Conformational Transition and Recognition Mechanism of Eukaryotic Riboswitches Powered by Thiamine Pyrophosphate Analogues: An Elucidation through Multiple Short Molecular Dynamics Simulations and Markov Model.

Abstract

Understanding the ligand-mediated conformational changes in eukaryotic riboswitches is crucial for elucidating their functional roles. In this study, multiple short molecular dynamics simulations, followed by Markov model analysis, were conducted to investigate how the binding of ligands such as three thiamine pyrophosphate analogues (TPP, PYI, and D2X) influences the conformational transitions of eukaryotic riboswitches. Our findings indicate that the presence of these ligands induces a greater number of conformational states and alters the relative orientation of ligands to key nucleotides, thereby impacting ligand-riboswitch recognition.
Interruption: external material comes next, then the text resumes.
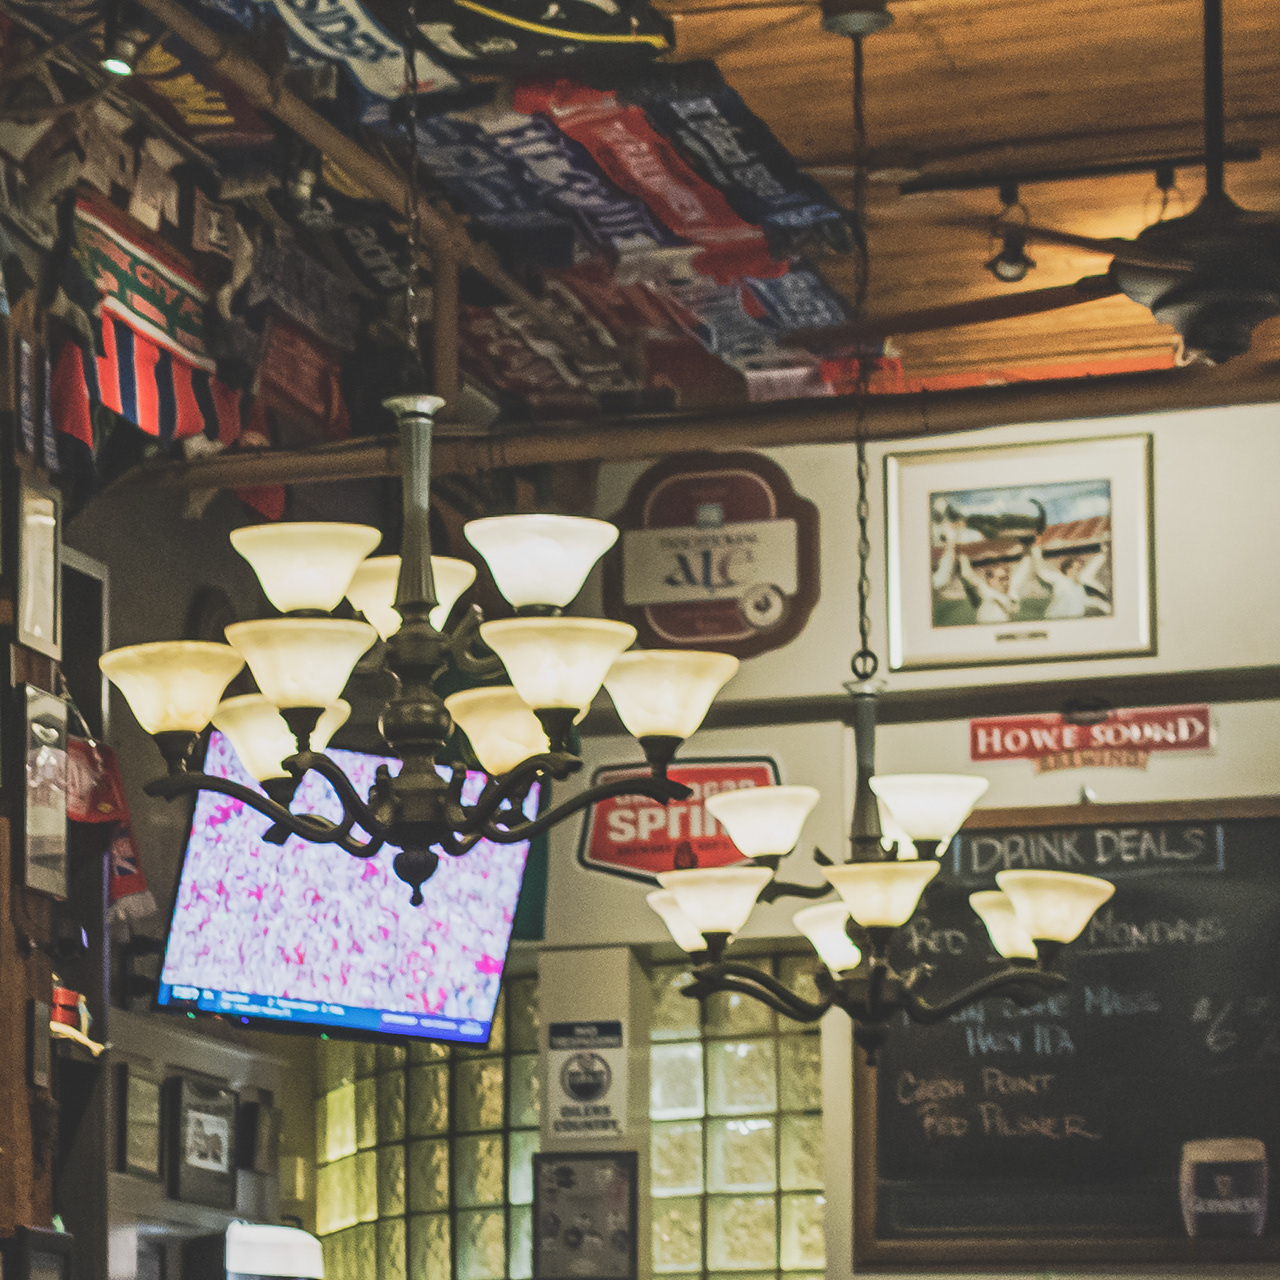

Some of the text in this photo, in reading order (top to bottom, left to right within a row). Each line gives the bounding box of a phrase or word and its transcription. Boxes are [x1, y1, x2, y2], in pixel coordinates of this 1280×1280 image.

[975, 716, 1206, 755] HOWE SOUND
[970, 828, 1206, 874] DRINK DEALS
The ligands TPP, PYI, and D2X were found to exert distinct effects on the conformations of specific structural regions, including P1, P4, P5, and L3 and junctions J23 and J45. This suggests that the dynamic nature of the riboswitch of eukaryotic riboswitches is highly dependent on the conformational responses within these regions, also supported by our principal component analysis. Additionally, changes in π-π interactions of ligands with nucleotides G30 and A31, hydrogen bonds formed between ligands and nucleotide, as well as those of a magnesium ion (Mg²⁺) with nucleotides G48, G66, and ligands, may play a significant role in mediating the conformational transitions of eukaryotic riboswitches. Overall, this research is expected to provide valuable theoretical insights into the functions and target roles of riboswitches.